The 19th, a nonpartisan and nonprofit newsroom, also published the article that found a correlation between the rising interest in voting in the upcoming election and the increase in unemployment among Latinas this year, as per Hiplatina

According to Equis Research, Latinas usually go to the polls at 14 to 20 percent lower rates compared to White, Black, or non-Latino women. 

The common reason why Latinas have historically inactive voters, as per the publication, is the fear that they would not understand the process fully due to language barriers or because of the belief that their vote doesn't make any difference. 

A poll by UnidosUS found the issues around pay cuts or job loss this year made over 60 percent of those polled likely to vote in the November election. 

UnidosUS is the nation's largest Latino nonprofit advocacy organization within the three major states with the largest Latino populations, namely Texas, Florida, and Arizona.

The publication also found that nearly 60 percent in the three mentioned states said they couldn't make ends meet without unemployment benefits.
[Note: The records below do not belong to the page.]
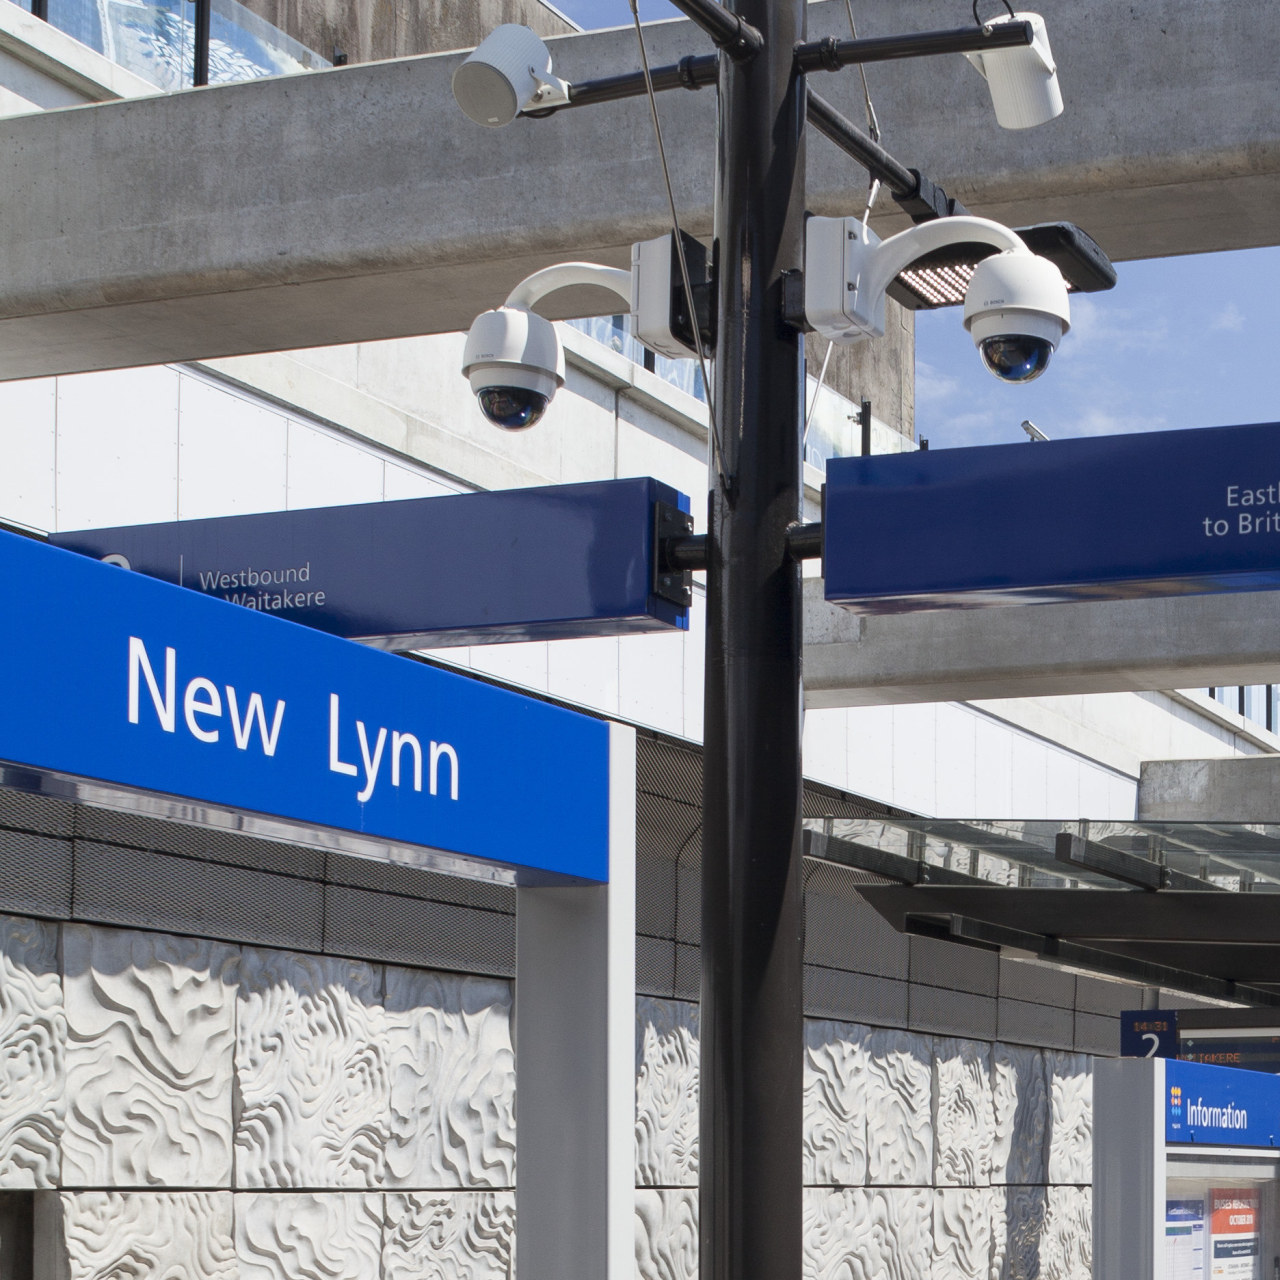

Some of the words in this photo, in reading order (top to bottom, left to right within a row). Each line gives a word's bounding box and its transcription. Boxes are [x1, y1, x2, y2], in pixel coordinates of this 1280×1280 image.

[1202, 515, 1229, 537] to
[199, 561, 311, 591] Westbound
[128, 636, 286, 757] New
[329, 692, 459, 803] Lynn
[1133, 1021, 1168, 1032] 14:31
[1187, 1097, 1247, 1130] Information
However, between 45-52 percent did not apply for unemployment insurance benefits, with most believe that they are not eligible or qualified. 
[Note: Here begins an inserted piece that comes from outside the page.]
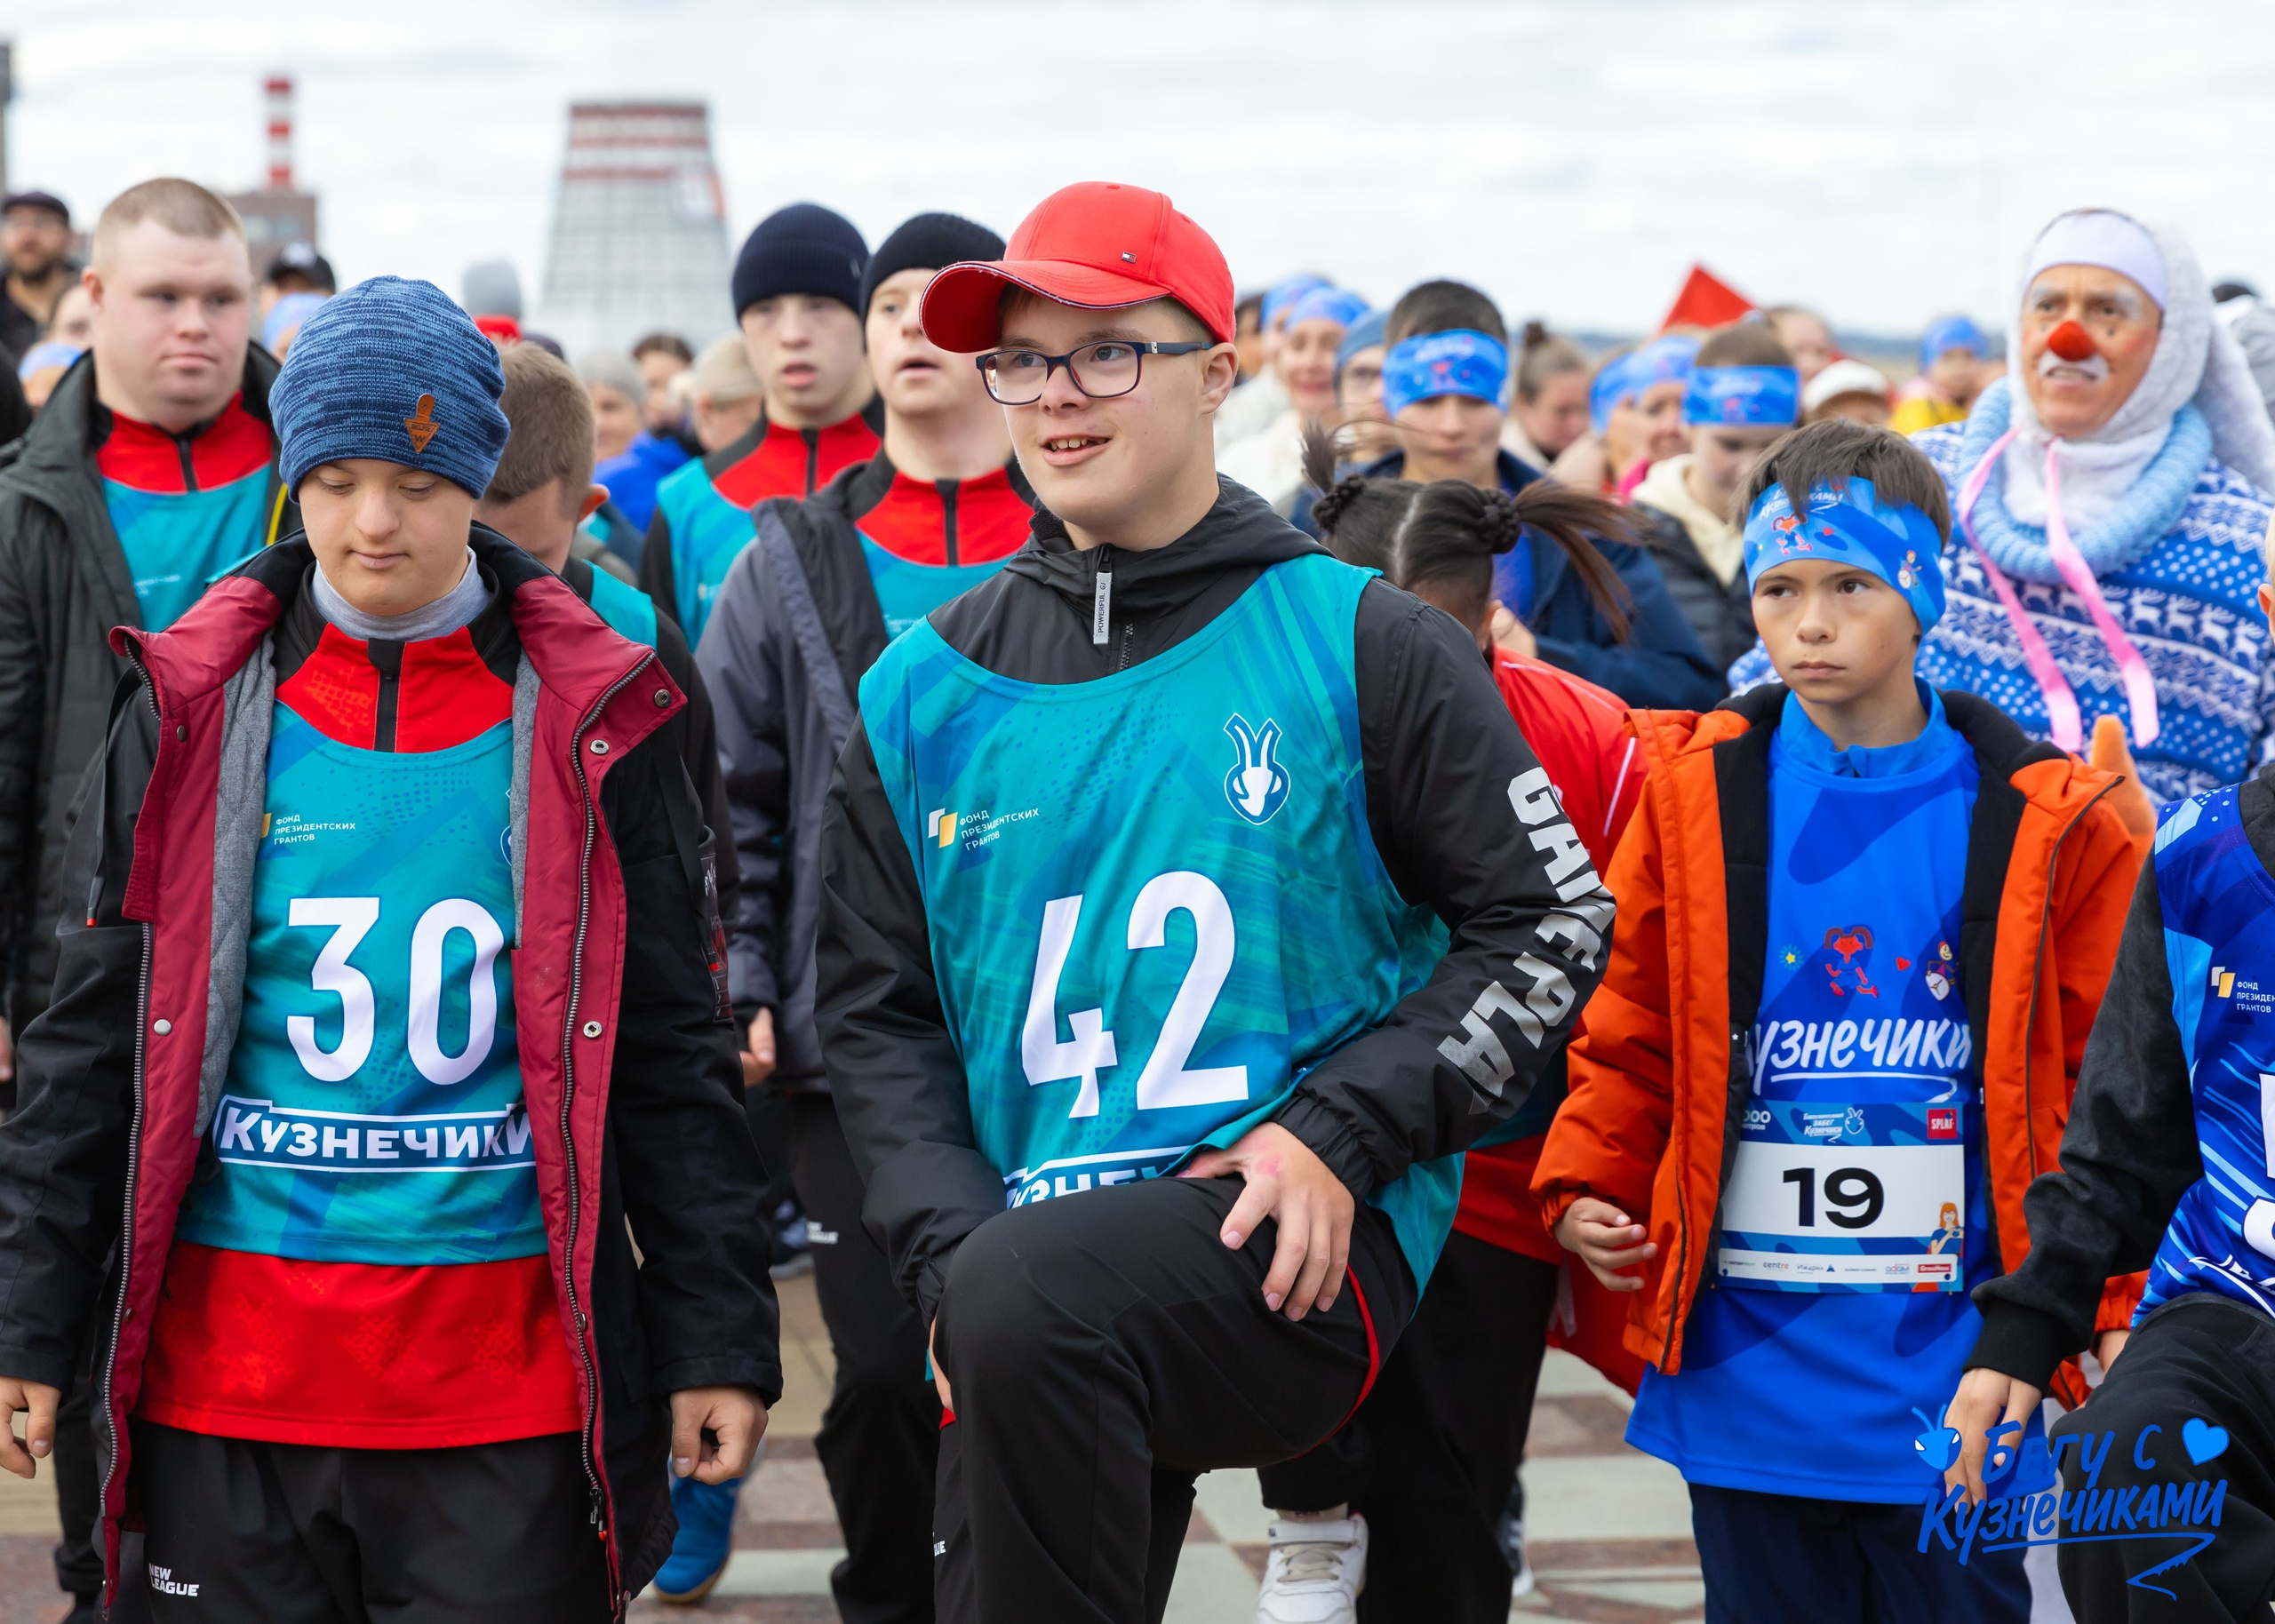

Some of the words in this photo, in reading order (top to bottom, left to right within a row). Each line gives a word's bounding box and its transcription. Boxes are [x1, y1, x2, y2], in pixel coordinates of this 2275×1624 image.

Latinos start about one in four new businesses in the U.S. wherein Latinas own about 35 percent of them, as per a report by the Small Business Administration

A UnidosUS principal, Orson Aguilar, told The 19th that Latinas would have been disproportionately affected by more relief. 

Aguilar noted that Latinas have been growing their businesses at record levels and need extra Paycheck Protection Program loan.

"That extra stimulus check goes a long way," Aguilar added.

According to the Economic Policy Institute (EPI), the fields that suffered the most massive job losses from Feb. to May this year are retail, hospitality, and "other services." Almost half of all Latina workers are employed in these fields.

The workforce in hospitality makes up almost 15 percent Latina, the largest of any group. They also have significantly less access to have remote work and paid sick leave.

Around 32 million Latinos can vote this year -- the largest racial or ethnic minority in a presidential election for the first time, as per Pew Research Center. Many Latinas, especially older ones, are planning to vote even though they are affected by the pandemic.

Norma Flores, 54, told The 19th: "It has made me think a lot that it's important to vote, and especially women - we have to count." 

After immigrating from Mexico, Norma worked as a server at Fiesta Henderson Hotel and Casino outside Las Vegas for about 20 years, and she was laid off only last August.